McDonald’s Largest Fry Supplier Announced a Major Change.

If there’s one thing you can only leave the McDonald’s drive-thru with, it’s that iconic red carton filled with golden, crispy fries. McDonald’s fries are famous worldwide, consistently winning top spots in taste tests for their light, crispy texture and delicious flavor. But have you ever wondered where those famous fries come from?

They aren’t made fresh at each location. Instead, McDonald’s relies on contracted suppliers to prepare the potatoes, cut them, partially fry them, and then flash-freeze them. When they reach the restaurant, they’re cooked the rest so they’re hot and fresh every time.

But there’s a significant change on the horizon. One of McDonald’s major suppliers, Lamb Weston, recently announced closing a production plant in Washington state.

This change might raise some concerns for fry lovers everywhere, but let’s break down what’s happening and what it might mean for McDonald’s famous fries.

Central French Fry Supplier Closes Plant

McDonald’s fries aren’t made from scratch on-site. Instead, they come from Lamb Weston, North America’s largest potato processor. Lamb Weston handles the initial steps of cutting, frying, and freezing the fries before shipping them to McDonald’s, helping ensure the fries are always ready for quick and consistent cooking.

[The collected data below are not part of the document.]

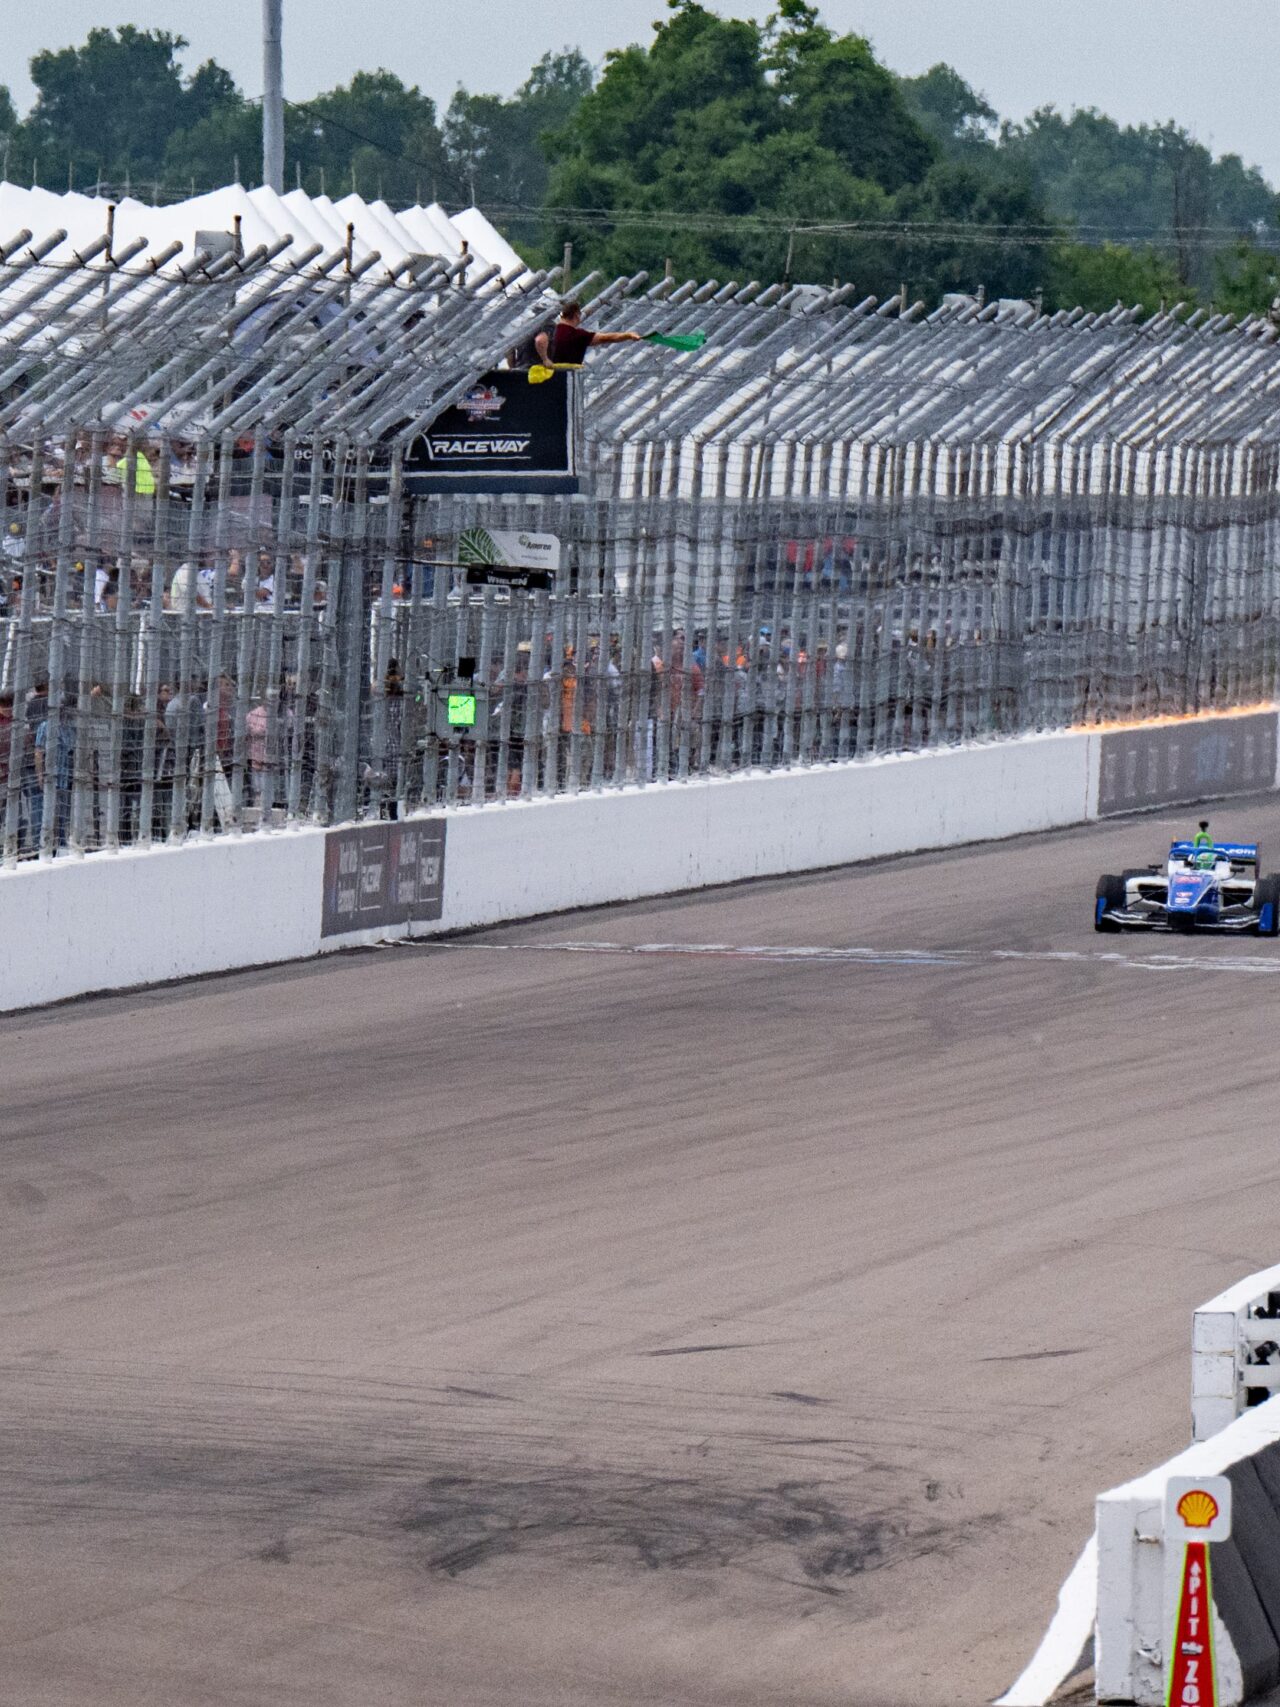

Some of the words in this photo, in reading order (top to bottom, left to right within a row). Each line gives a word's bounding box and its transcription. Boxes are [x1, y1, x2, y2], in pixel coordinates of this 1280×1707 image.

[432, 440, 530, 454] RACEWAY
[1188, 1576, 1201, 1637] PIT
[1181, 1660, 1201, 1707] ZO
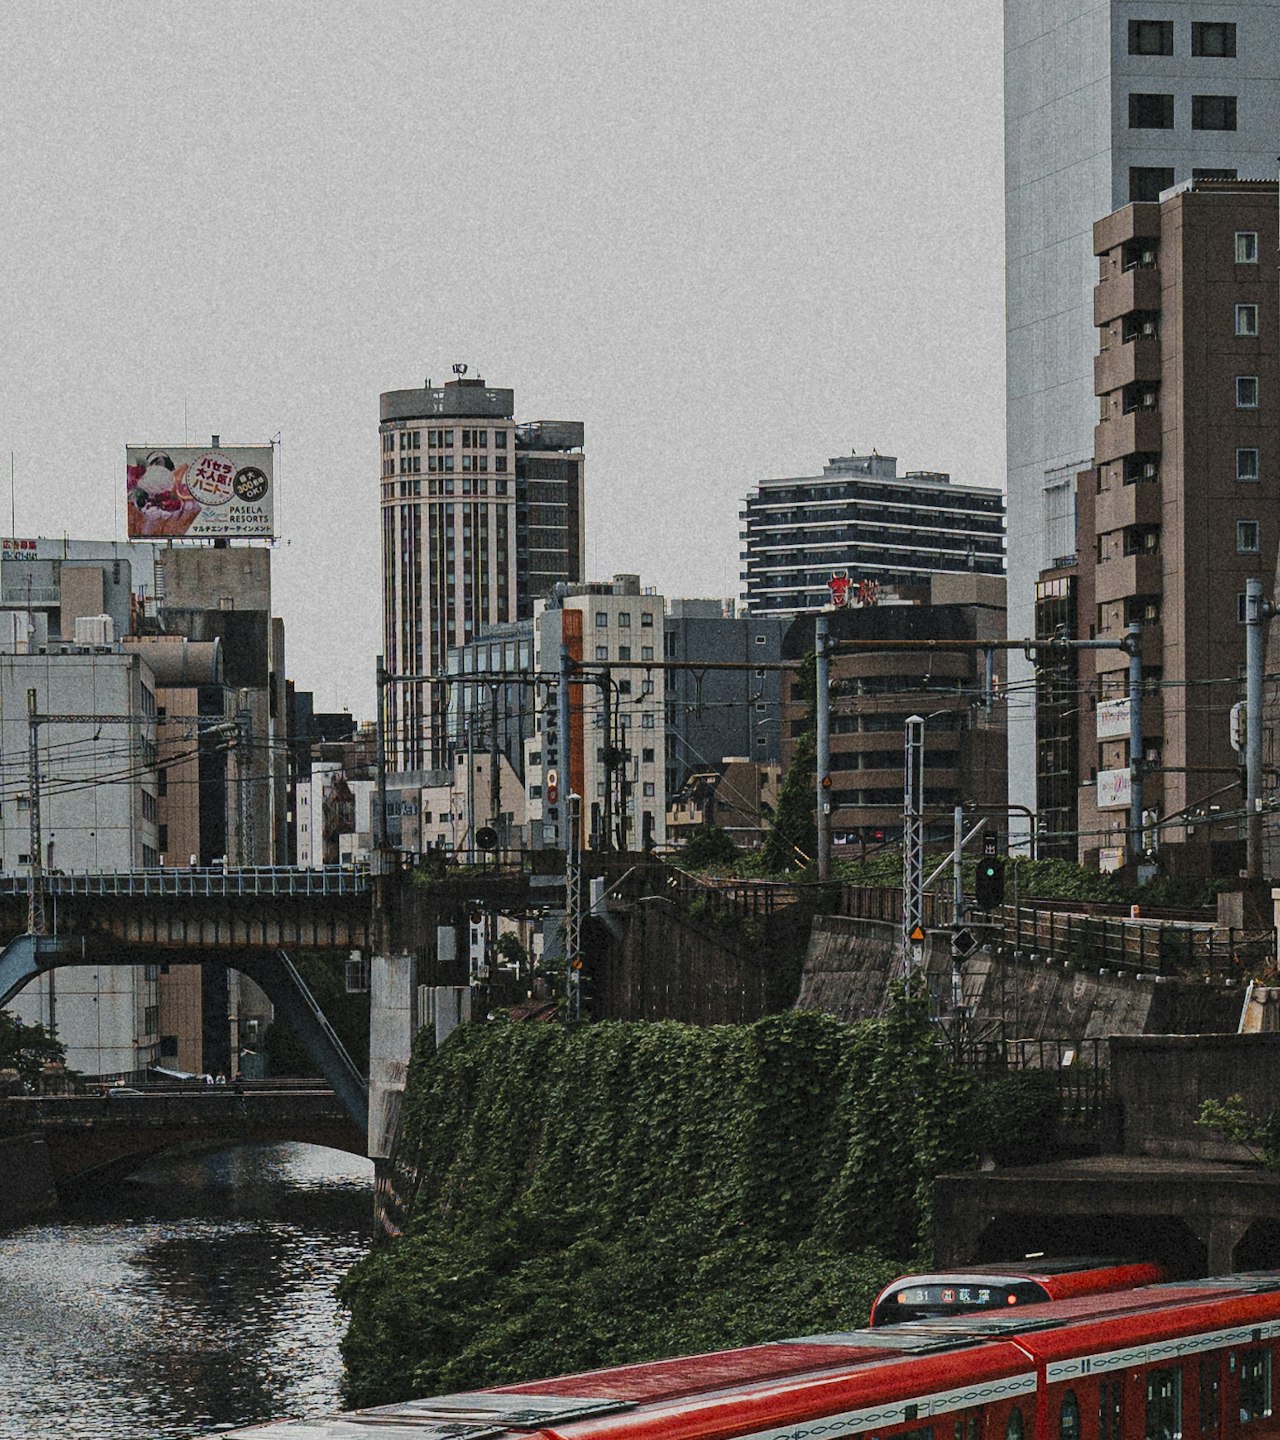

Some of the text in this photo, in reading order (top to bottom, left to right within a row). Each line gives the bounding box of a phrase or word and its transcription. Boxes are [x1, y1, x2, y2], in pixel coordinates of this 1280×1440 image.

[229, 506, 263, 514] PASELA
[229, 515, 269, 523] RESORTS
[916, 1290, 929, 1301] 31
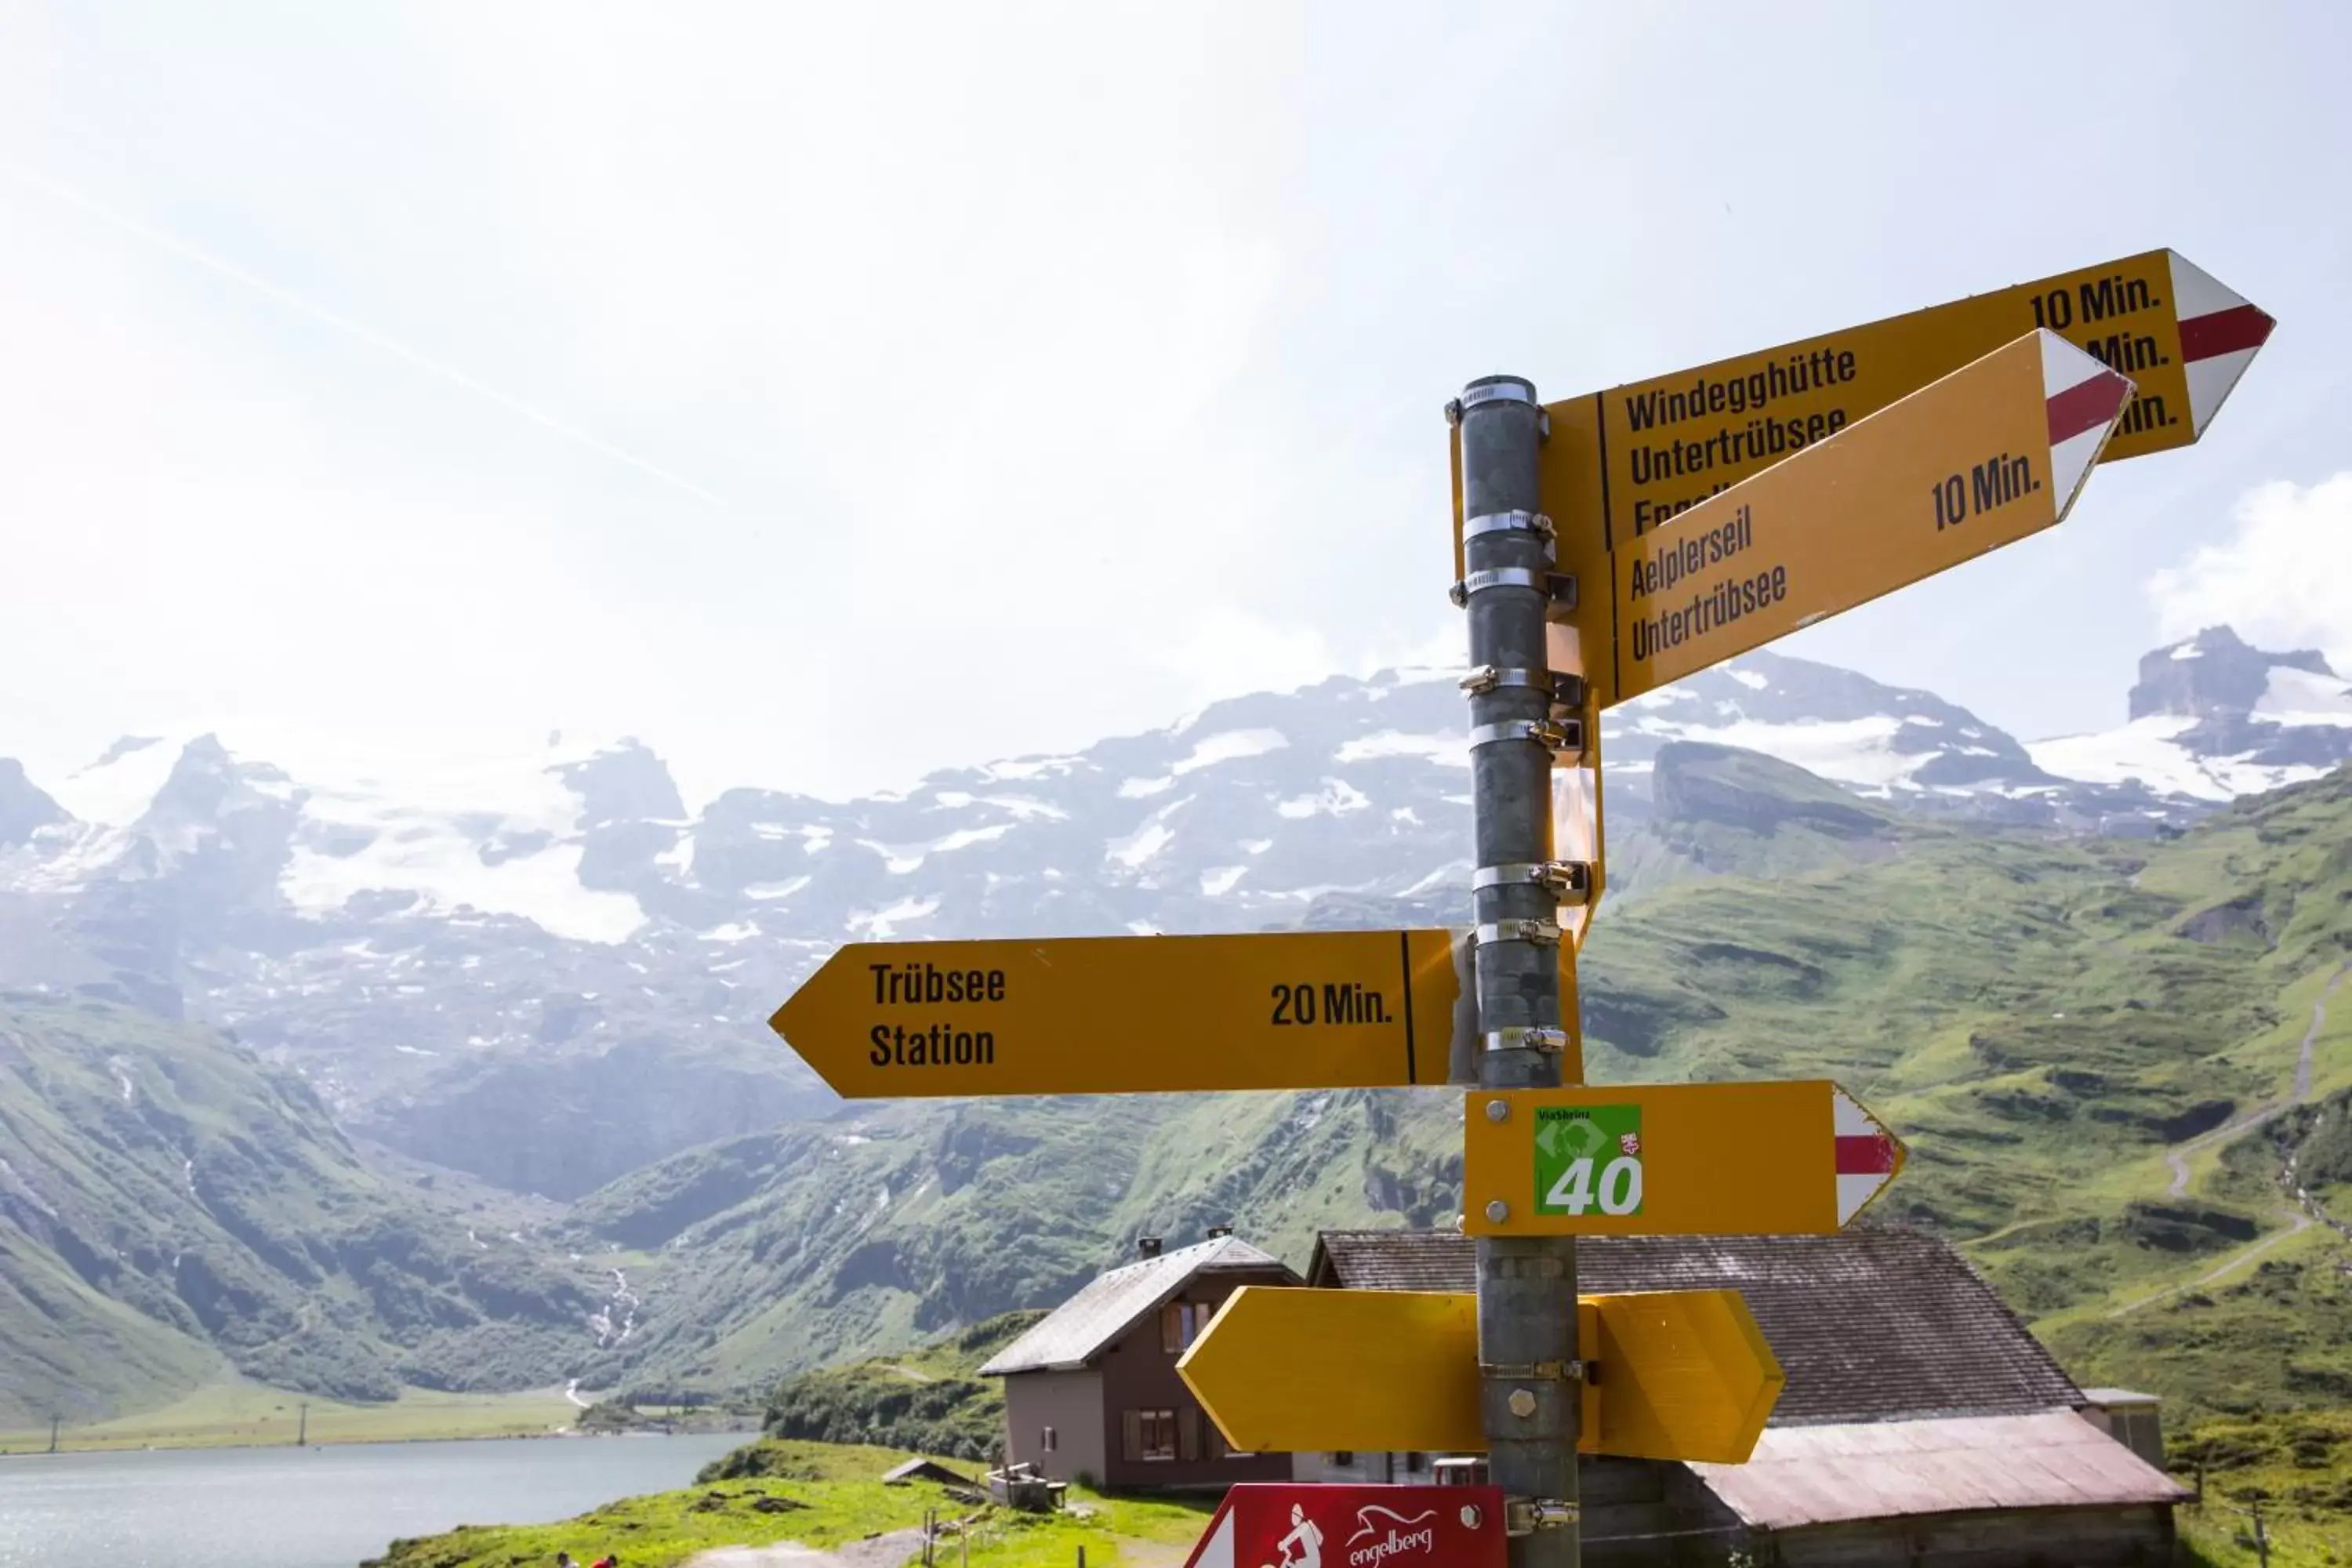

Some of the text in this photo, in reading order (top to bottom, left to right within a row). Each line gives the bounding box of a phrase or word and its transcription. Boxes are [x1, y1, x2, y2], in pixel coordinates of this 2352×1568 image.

Recently, Lamb Weston announced closing its production facility in Connell, Washington, and laying off about 400 employees.

The company also plans to temporarily scale back production lines at other plants. In addition to closing the Connell plant, Lamb Weston announced that it will cut about 4% of its global workforce to respond to declining demand and oversupply issues.

“Restaurant traffic and frozen potato demand, relative to supply, continue to be soft, and we believe it will remain soft through the remainder of fiscal 2025,” said Lamb Weston CEO Tom Werner. This indicates that fewer customers are ordering fries, leading to a surplus of frozen potatoes.

Impact on McDonald’s and Its Famous Fries

What does this mean for McDonald’s, Lamb Weston’s most significant customer? According to CNN, McDonald’s accounts for around 13% of Lamb Weston’s total sales.

While Lamb Weston’s adjustments might seem concerning, there’s no immediate reason to worry about a fry shortage at your local McDonald’s. Closing one production facility only affects about 5% of Lamb Weston’s capacity so that they can keep up with current demand.

Lamb Weston spokesperson Teresa Paulsen reassured consumers, saying, “Lamb Weston is confident in the world’s ongoing love of fries—the closure of one of our older facilities accounts for less than 5% of our production capacity, so this adjustment simply helps address a current supply-and-demand imbalance.”

Why McDonald’s Fries Are Still Here to Stay

Despite the plant closure news, you should expect McDonald’s fries to stay for a while. While Lamb Weston is adjusting, it is still committed to fulfilling contracts with significant customers like McDonald’s.

Additionally, the decision to scale back comes from a temporary drop in demand, which the company expects will balance out in the coming year.

In response to rising food prices, McDonald’s has offered smaller portions, like small orders of fries, to offset costs. This change is part of a broader trend where fast food chains are scaling down portions to keep meals affordable. Even McDonald’s fries, as iconic as they are, aren’t resistant to these adjustments.

The Love for McDonald’s Fries Continues

The popularity of McDonald’s fries is likely to remain strong, even amid changes in the supply chain. As long as customers continue to crave those crispy, golden fries, Lamb Weston and McDonald’s will find a way to keep them coming.

This temporary shift in production likely will only impact the taste and availability of the fries you know and love.

So, the next time you grab a carton of fries from McDonald’s, you can rest assured that they’re still made with the same high-quality potatoes and prepared with the same consistency.

While the supply chain might be adjusting, it appears that, for now, it’s business as usual for the average customer.